Additional Manufacturer Narrative · 0

NO ANOMALIES WERE DETECTED BY CHECKING THE MANUFACTURING CHART OF LOT N. 1516847. THIS IS THE FIRST AND ONLY COMPLAINT RECEIVED BY LIMACORPORATE ON THIS SPECIFIC LOT NUMBER ON A TOTAL OF 35 SMR CEMENTLESS FINNED STEM DIA. 14MM MANUFACTURED WITH THIS LOT NUMBER. THE EXPLANTED STEM WAS NOT RETURNED TO LIMACORPORATE FOR ANALYSIS. ADDITIONALLY, NO X-RAYS WERE PROVIDED, USEFUL FOR A CLINICAL EVALUATION BY A MEDICAL CONSULTANT. BY THE ANALYSIS OF THE AVAILABLE INFORMATION, THE HUMERAL FRACTURE WAS LIKELY CAUSED BY EXCESSIVE STRENGTH WHEN IMPACTING THE REVERSE BODY. IT WAS ALSO REPORTED THAT THE SURGEON INVOLVED CONFIRMED THE CAUSE OF THE BONE FRACTURE WAS RELATED TO EXCESSIVE SUBSIDENCE OF THE HUMERAL STEM DUE TO EXCESSIVE FORCE USED TO CONNECT THE HUMERAL BODY WITH THE STEM. IN CONCLUSION, CONSIDERING THE ANALYSIS OF THE AVAILABLE INFORMATION, WE CLASSIFY THIS COMPLAINT AS SURGICAL FACTOR RELATED. PMS DATA BASED ON LIMACORPORATE PMS DATA, THIS IS THE ONLY SIMILAR CASE OF INTRA-OPERATIVE BONE FRACTURE INVOLVING THE SMR STEMS (FAMILY CODE 1304.15.XXX), THEREFORE WE ESTIMATE AN OCCURRENCE RATE OF ABOUT (B)(4). NO CORRECTIVE ACTIONS NEEDED FOLLOWING THIS COMPLAINT, LIMACORPORATE WILL CONTINUE MONITORING THE MARKET TO PROMPTLY DETECT ANY FURTHER SIMILAR EVENT. NOTE: THE COMPLAINT WAS CLOSED IN 2017, HOWEVER FINAL MDR WAS NOT SUBMITTED DUE TO INTERNAL ERROR. COMPLAINT IS THEREFORE FORMALLY CLOSED TODAY ACCORDING TO THE ANALYSIS PERFORMED AT THE TIME OF CLOSURE.

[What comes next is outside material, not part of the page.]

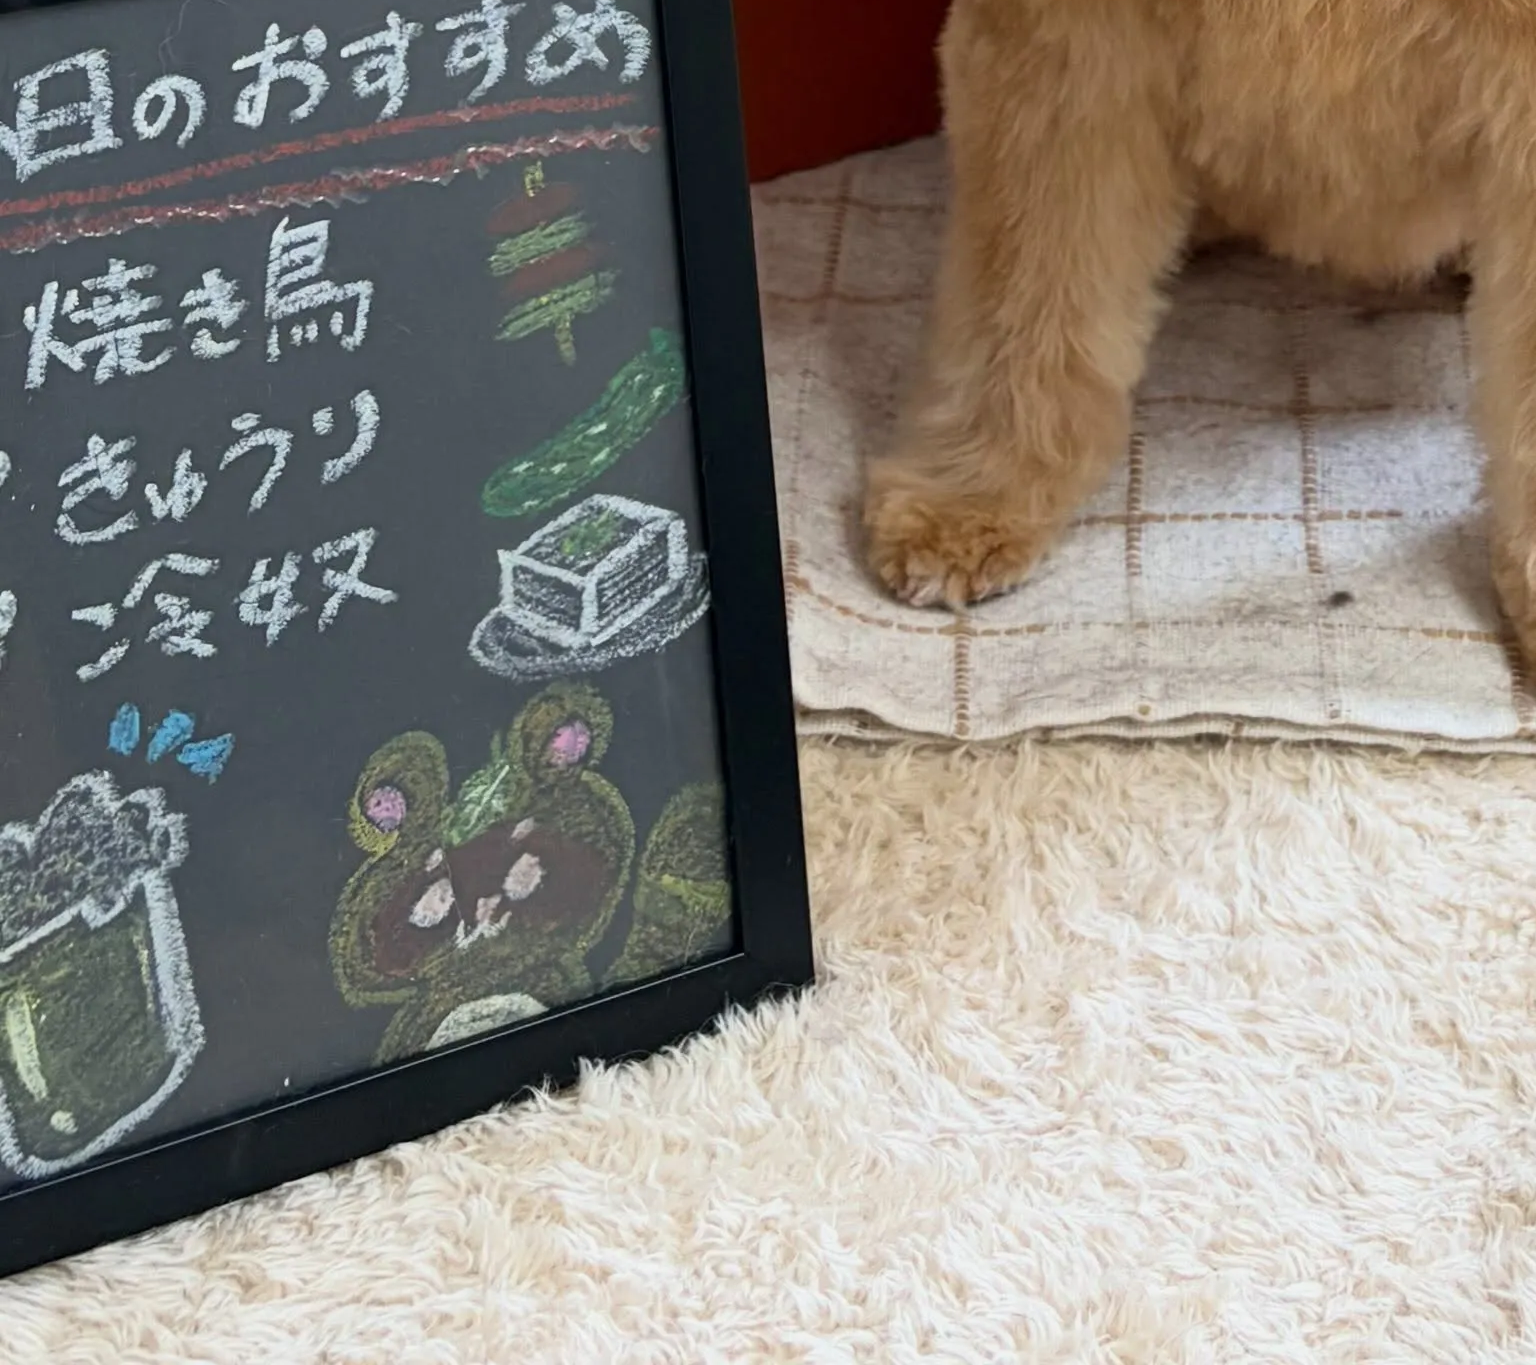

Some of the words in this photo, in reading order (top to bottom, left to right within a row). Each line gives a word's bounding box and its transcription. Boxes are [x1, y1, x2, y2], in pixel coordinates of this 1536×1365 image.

[22, 214, 376, 391] 焼き鳥
[54, 388, 382, 546] きゅうり
[70, 526, 400, 682] 冷奴

Description of Event or Problem · 0

PATIENT SUFFERED OF OSTEOARTHRITIS AND SO, ON (B)(6) 2017, A SMR ANATOMIC TOTAL WAS IMPLANTED. CONVERSION TO SMR REVERSE WAS DONE ON(B)(6) 2017 DUE ROTATOR CUFF TEAR. DURING THE REVISION SURGERY, THE SURGEON WANTED TO KEEP AND PRESERVE THE CEMENTLESS STEM DIA.14MM BUT, ACCORDING TO THE INFO REPORTED, HE MAY HAVE TAPPED TOO MUCH WITH IMPACTOR WHEN TRYING TO COUPLE STEM AND HUMERAL BODY. EVENTUALLY, AS THEY DID NOT MANAGE TO CONNECT THE HUMERAL BODY WITH THE STEM, IT WAS DECIDED TO REMOVE THE STEM IN PLACE AND REPLACE IT WITH A 16MM STEM. THE INTRA-OPERATIVE X-RAYS THEN SHOWED THAT A DISTAL BONE FRACTURE HAD OCCURRED. IT WAS REPORTED THAT THE PLAN WAS TO OPERATE THE PATIENT AGAIN. EVENT HAPPENED IN JAPAN.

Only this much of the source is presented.